◆ **WORK TO BE COMPLETED**
Your answer should consist only of the records, copied exactly, with the images removed.

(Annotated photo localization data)
╭──

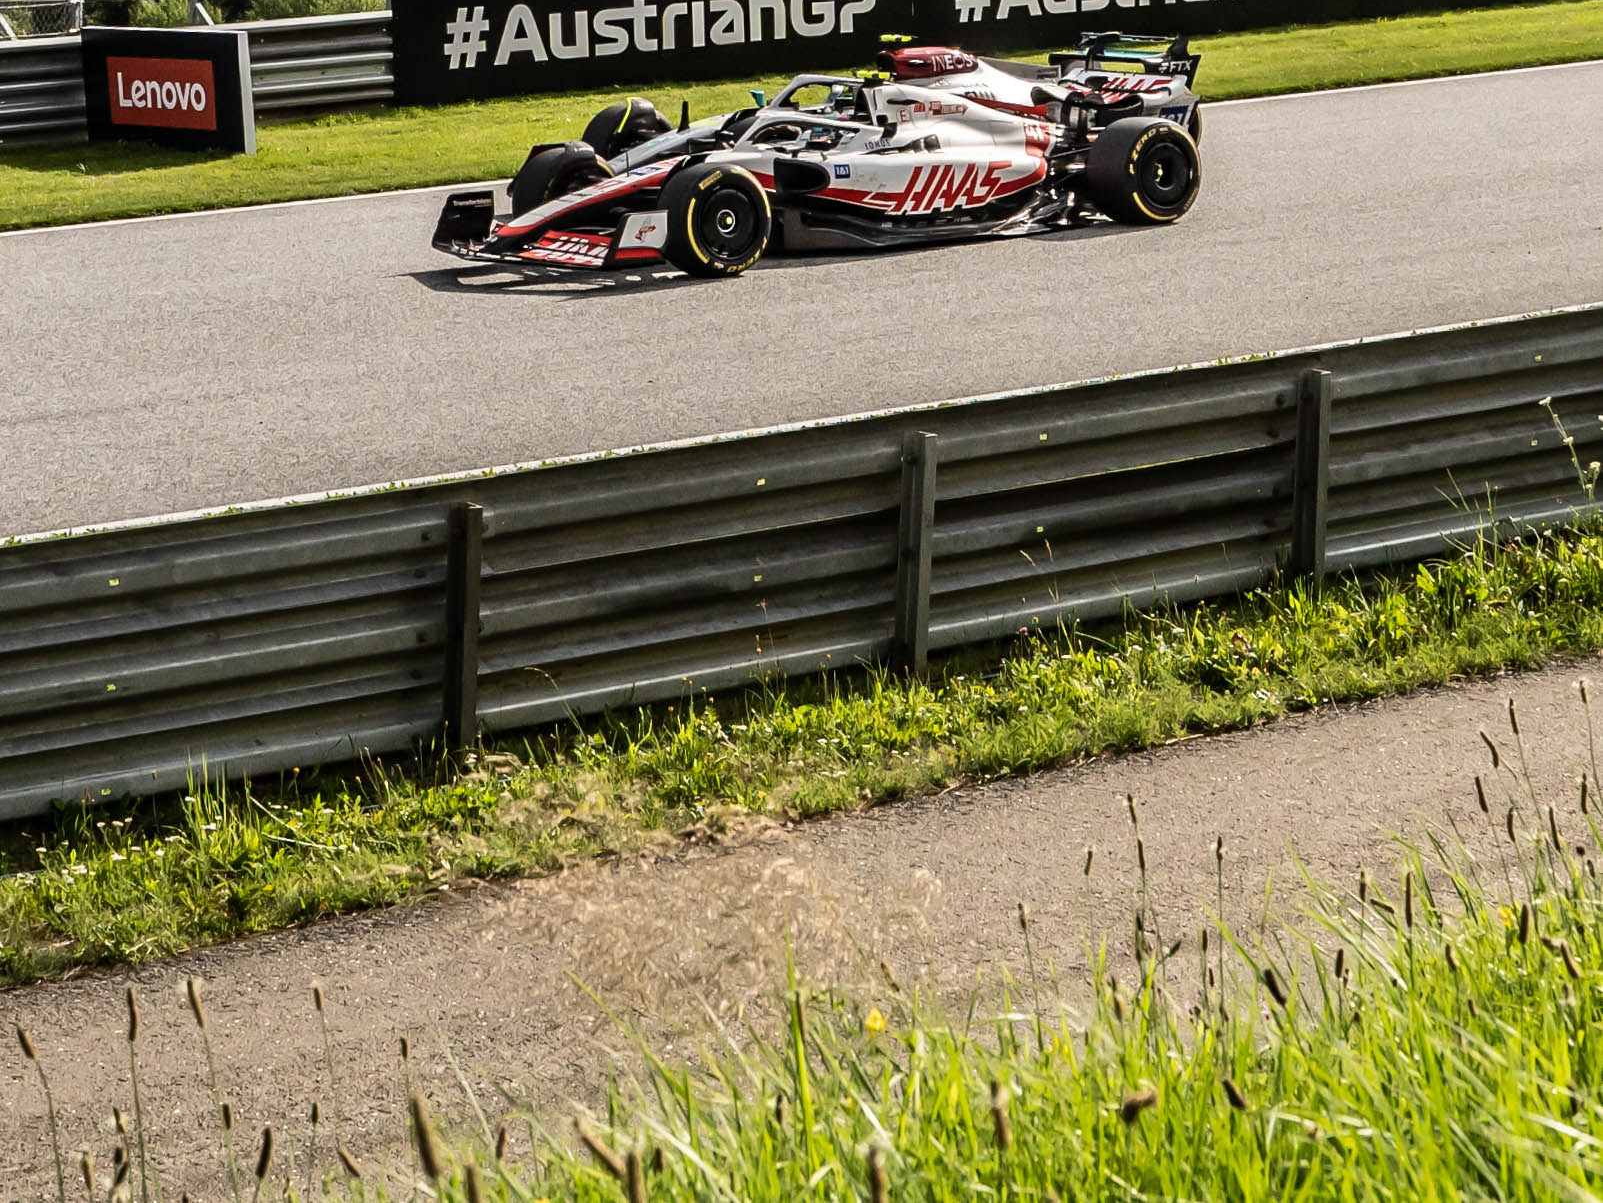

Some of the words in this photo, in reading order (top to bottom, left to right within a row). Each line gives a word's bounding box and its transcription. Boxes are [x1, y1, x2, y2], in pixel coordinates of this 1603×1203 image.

[931, 53, 974, 72] INEOS
[1169, 60, 1193, 73] FTX
[118, 72, 205, 111] Lenovo
[890, 161, 1013, 213] HAAS
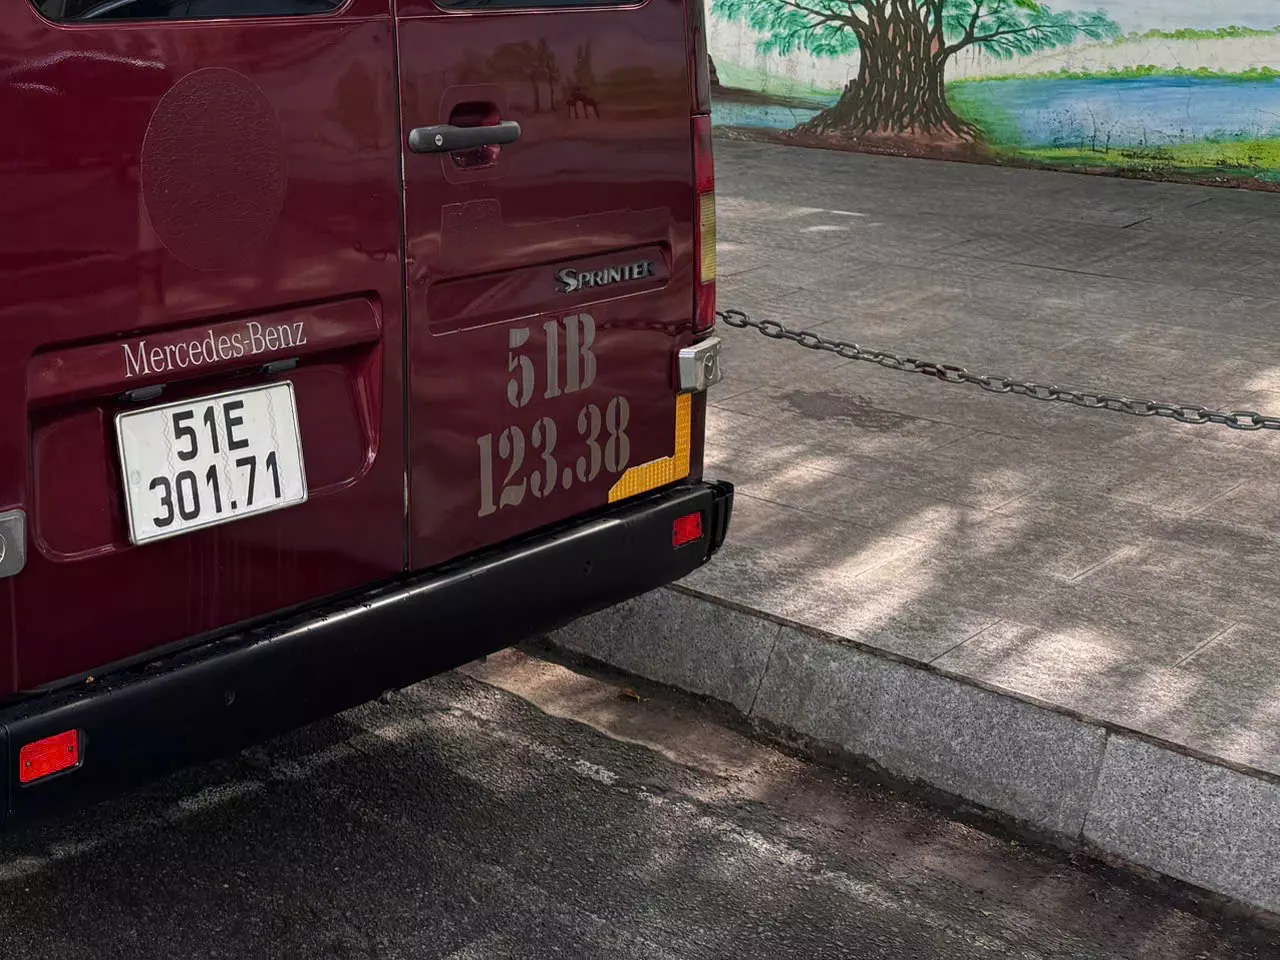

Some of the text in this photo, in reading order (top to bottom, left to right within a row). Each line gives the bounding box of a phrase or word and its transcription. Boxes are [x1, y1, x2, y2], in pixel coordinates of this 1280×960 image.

[123, 318, 308, 379] Mercedes-Benz
[507, 312, 598, 408] 51B
[172, 400, 250, 462] 51E
[477, 395, 632, 519] 123.38
[149, 450, 282, 528] 301.71
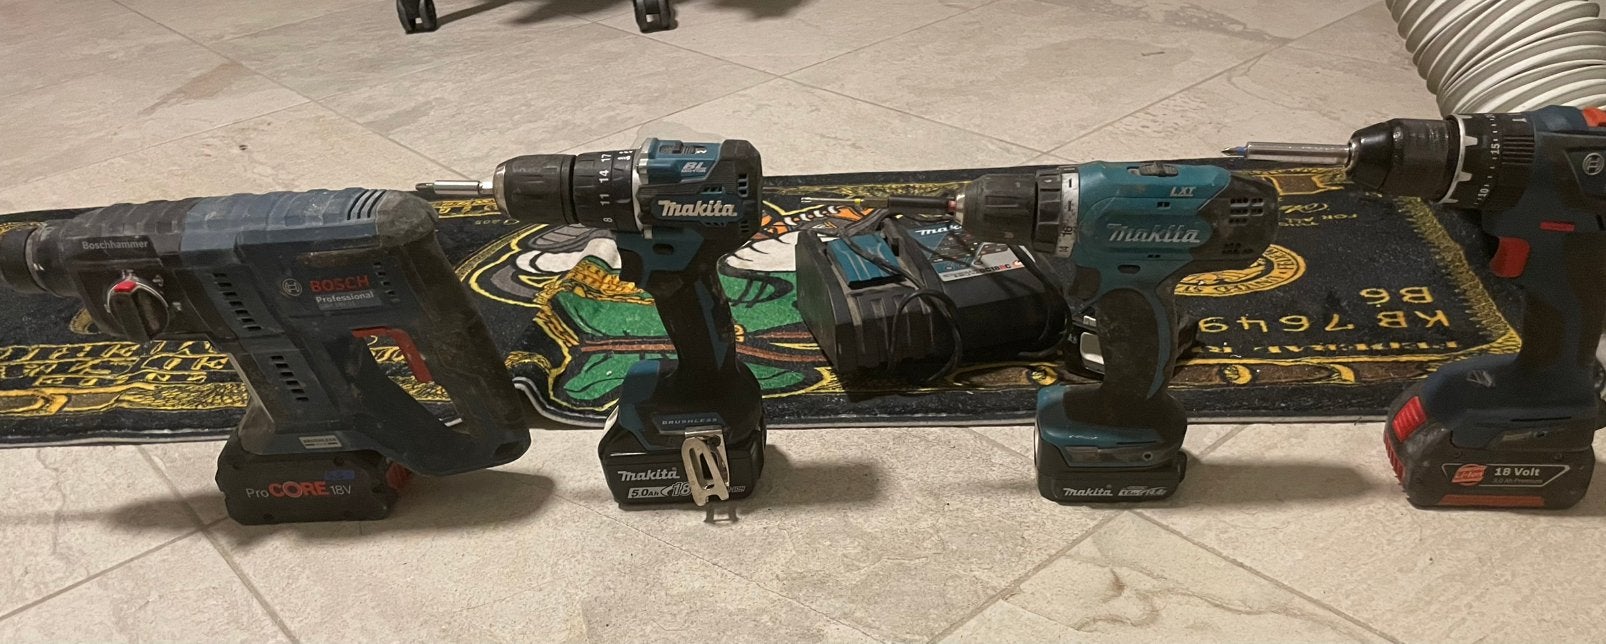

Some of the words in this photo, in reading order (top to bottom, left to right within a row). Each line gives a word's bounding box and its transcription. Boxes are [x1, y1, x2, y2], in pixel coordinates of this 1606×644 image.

[1491, 143, 1501, 155] 15
[601, 153, 611, 163] 17
[681, 161, 707, 171] BL
[599, 170, 610, 183] 14
[1169, 186, 1197, 197] LXT
[82, 240, 149, 250] Boschhammer
[310, 275, 370, 293] BOSCH
[315, 290, 375, 303] Professional
[1359, 286, 1435, 305] B6
[1376, 308, 1451, 329] KB
[1494, 467, 1511, 476] 18
[1514, 467, 1540, 476] Volt
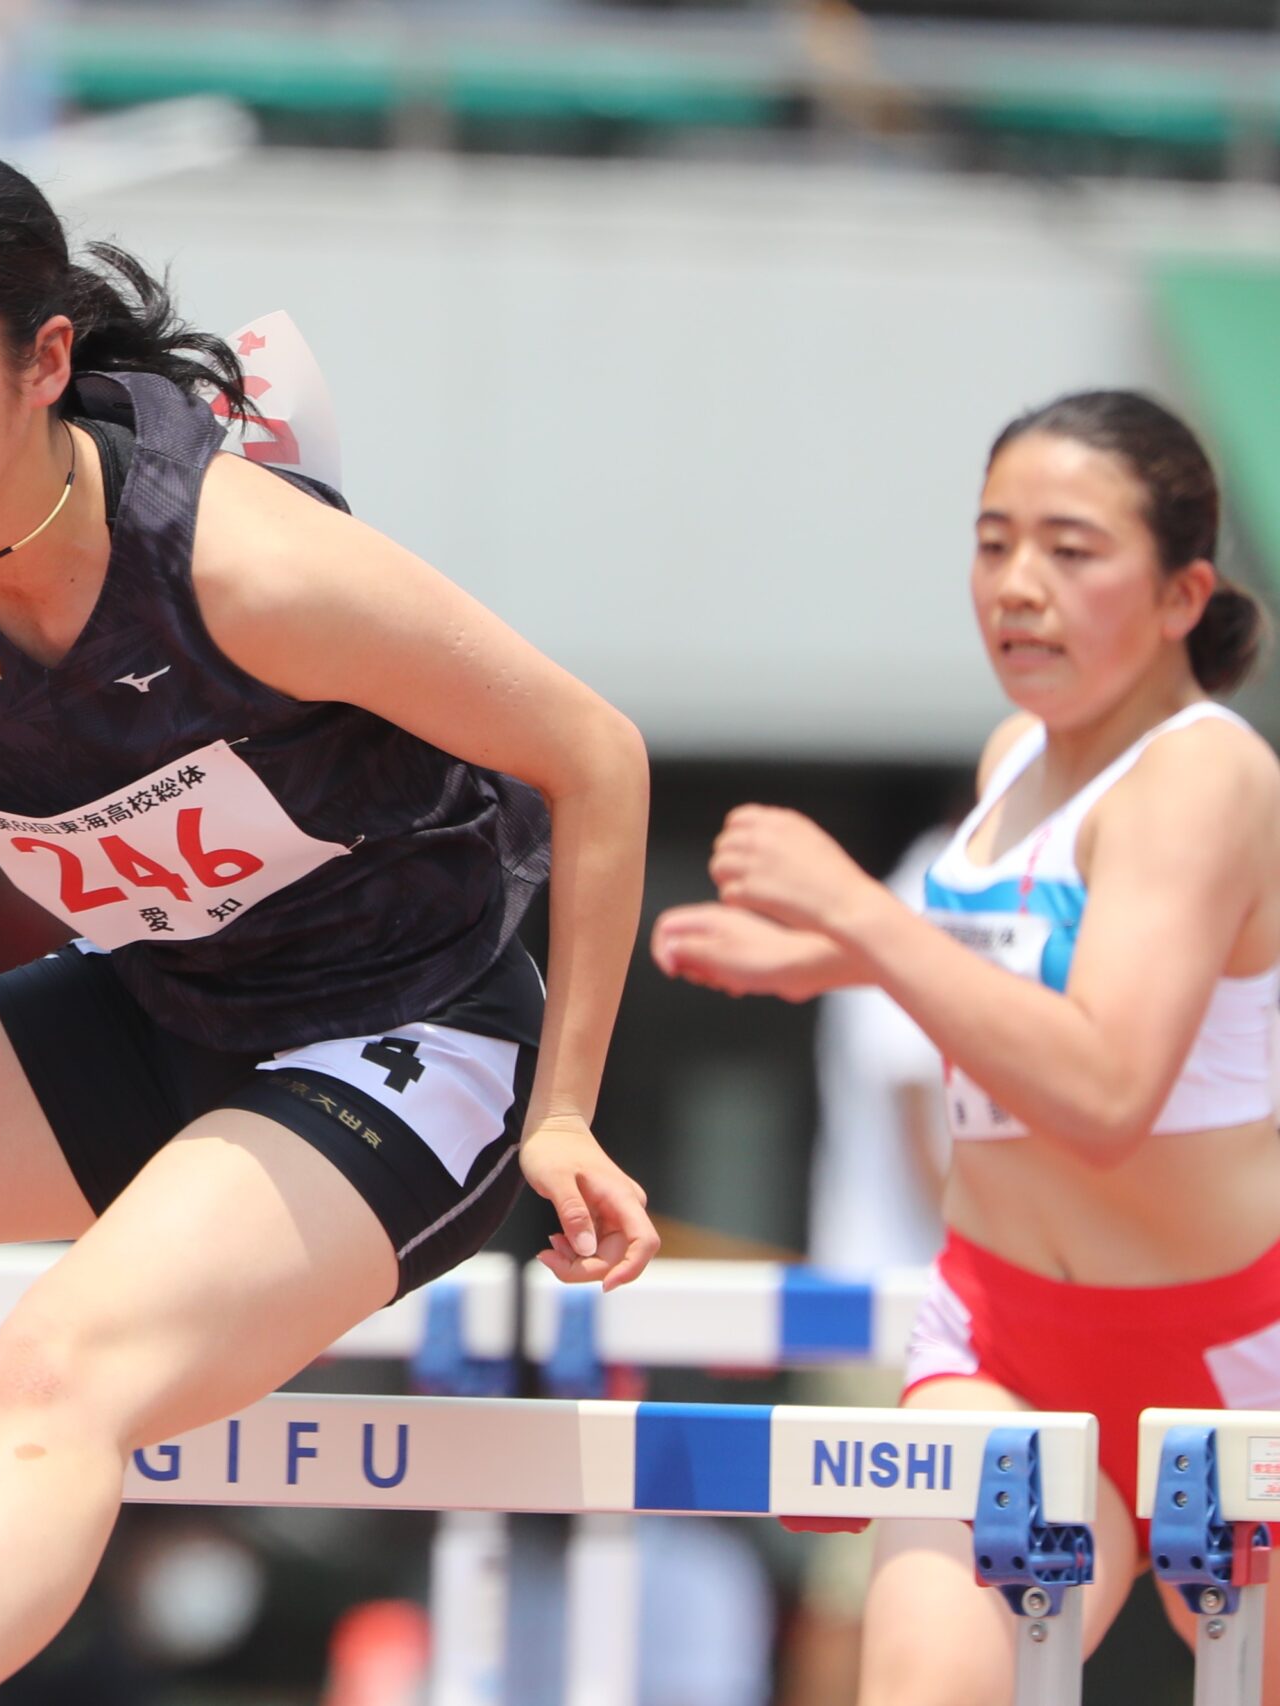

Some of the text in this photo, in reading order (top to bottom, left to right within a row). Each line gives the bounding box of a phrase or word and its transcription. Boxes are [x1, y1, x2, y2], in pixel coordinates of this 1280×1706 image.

[11, 807, 264, 914] 246
[360, 1036, 426, 1094] 4
[132, 1420, 409, 1489] GIFU
[812, 1439, 953, 1491] NISHI
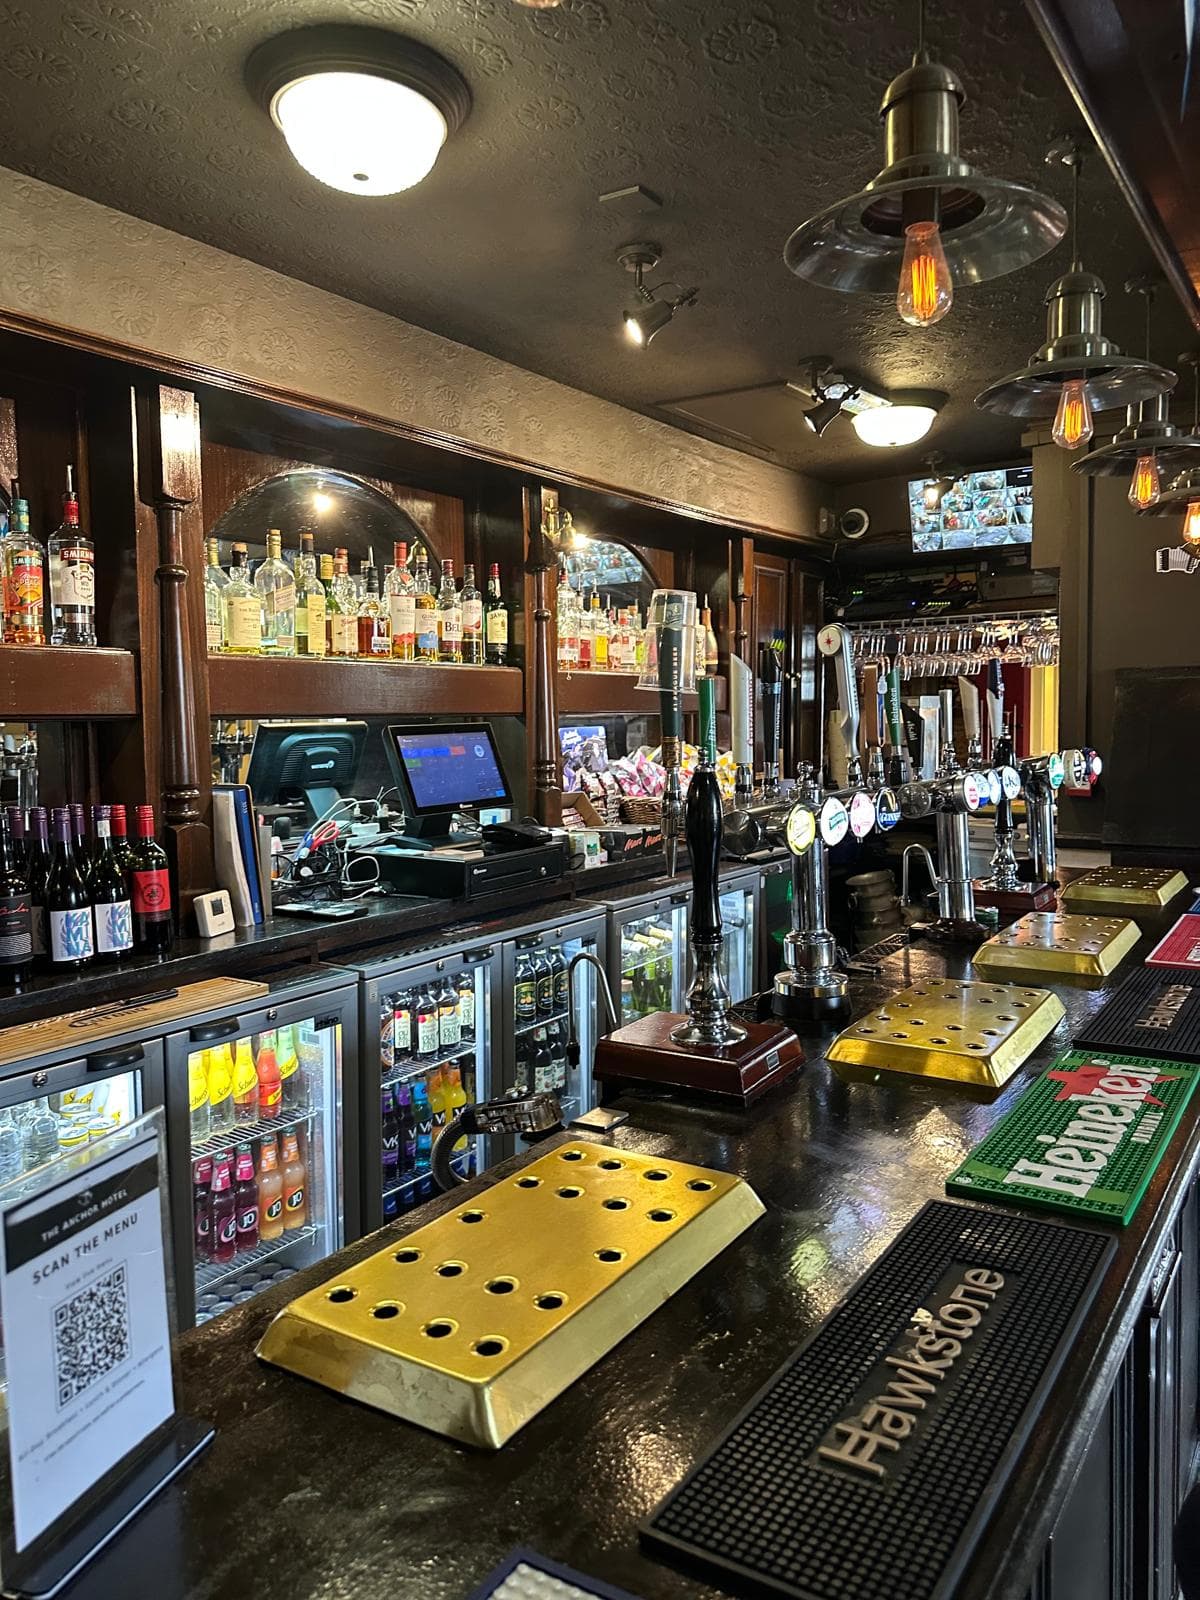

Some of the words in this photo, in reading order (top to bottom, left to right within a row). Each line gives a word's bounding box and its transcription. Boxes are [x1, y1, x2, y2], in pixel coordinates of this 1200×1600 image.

╰──

◆ **RESPONSE**
Some of the words in this photo, in reading order (top to bottom, left to right within a row). Each line gives a word's bounding box and its transcription. Boxes are [x1, y1, x2, y2], in pixel coordinates of this 1603×1203 image.

[931, 53, 974, 72] INEOS
[1169, 60, 1193, 73] FTX
[118, 72, 205, 111] Lenovo
[890, 161, 1013, 213] HAAS

Some of the text in this photo, in reading order (top to bottom, left to right within a row). Each line gives the bounding box of a phrase or word and its transcription. Boxes are [x1, y1, x2, y2], in pixel coordinates of this 1280×960 image.

[123, 318, 308, 379] Mercedes-Benz
[507, 312, 598, 408] 51B
[172, 400, 250, 462] 51E
[477, 395, 632, 519] 123.38
[149, 450, 282, 528] 301.71

Some of the words in this photo, in reading order (top to bottom, left to right within a row). Each line gives a word's bounding box and its transcription. Boxes are [x1, y1, x2, y2], in pixel coordinates of this 1606×644 image.

[1491, 143, 1501, 155] 15
[601, 153, 611, 163] 17
[681, 161, 707, 171] BL
[599, 170, 610, 183] 14
[1169, 186, 1197, 197] LXT
[82, 240, 149, 250] Boschhammer
[310, 275, 370, 293] BOSCH
[315, 290, 375, 303] Professional
[1359, 286, 1435, 305] B6
[1376, 308, 1451, 329] KB
[1494, 467, 1511, 476] 18
[1514, 467, 1540, 476] Volt

Some of the text in this photo, in reading order (top to bottom, left to right within a row). Each line gives the bounding box of a phrase or word and its transcription. Boxes are [x1, y1, x2, y2], in pixel coordinates of this 1280×1706 image.

[11, 807, 264, 914] 246
[360, 1036, 426, 1094] 4
[132, 1420, 409, 1489] GIFU
[812, 1439, 953, 1491] NISHI

Some of the words in this photo, in reading order (top to bottom, left to right within a row). Each line gives a word's bounding box and its transcription. Boxes are [x1, y1, x2, y2], in pixel coordinates of this 1200×1600 image.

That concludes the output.